Passengers will supposedly not notice the difference.
The additional seats will reportedly use space behind the sink units — which is currently unused and wasted — and have the exterior wall of the lavatory molded in such a way in which the seats in front of it will be able to recline.
I have not seen the actual configuration, but if it is indeed true, I think that this is a great idea — especially if there is purportedly no difference to be noticed by the passengers.
Think about it: imagine being able to recline your seat without having it turn into a heated controversy. After all, the lavatory is not going to complain about having less space on which it can work on its laptop computer — and there will be nobody constantly kicking you in the back of your seat.
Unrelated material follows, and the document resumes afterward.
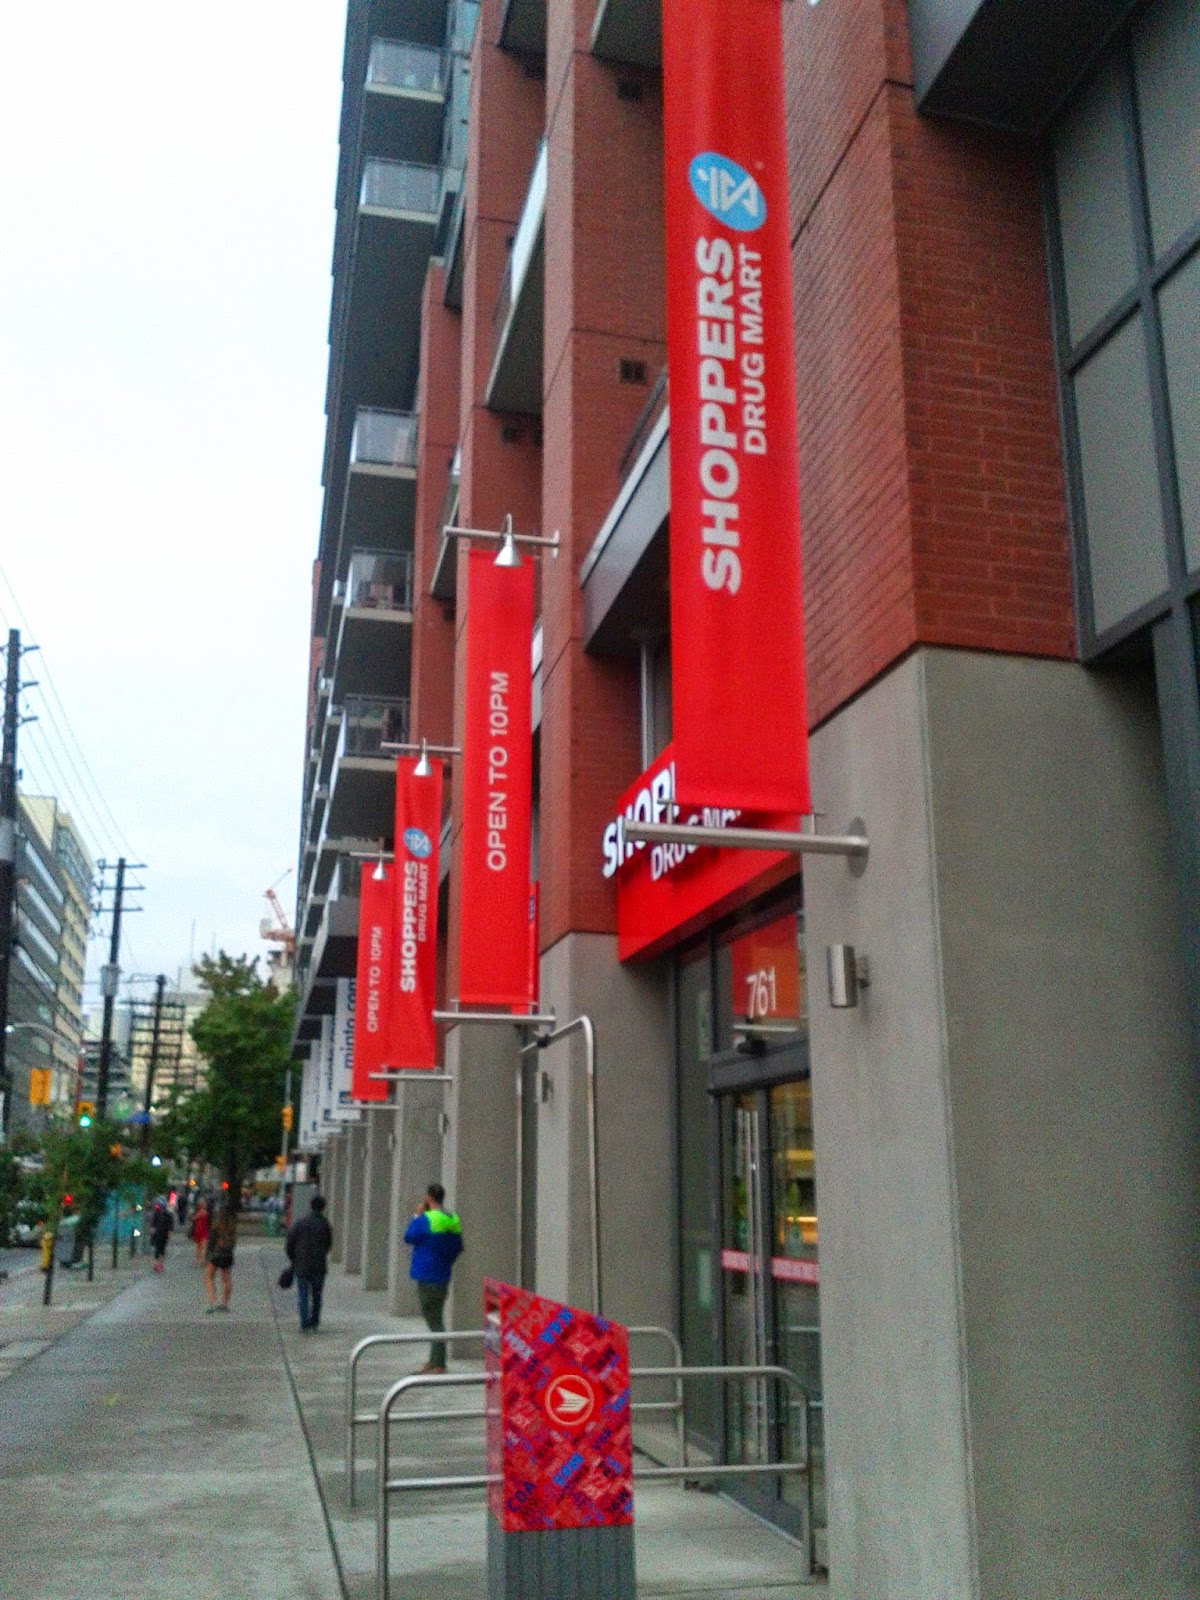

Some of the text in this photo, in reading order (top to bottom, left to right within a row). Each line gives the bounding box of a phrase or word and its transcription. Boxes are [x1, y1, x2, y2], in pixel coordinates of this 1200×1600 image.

Of course, I am not addressing the eventual putrid aroma freshly wafted to assault your olfactory sense from when the door opens after a passenger with seriously potent stomach issues uses the lavatory — but that is another story.
Sure, the lavatories can be rather cramped — but on mainline aircraft, I do not recall ever thinking that I wish there was more room. I personally do not need more room — although you might disagree due to your comfort preferences or physical proportions. I am in and out of there quickly, and I always wear my shoes in the lavatory to avoid my feet ever being exposed to those nice puddles on the lavatory floor.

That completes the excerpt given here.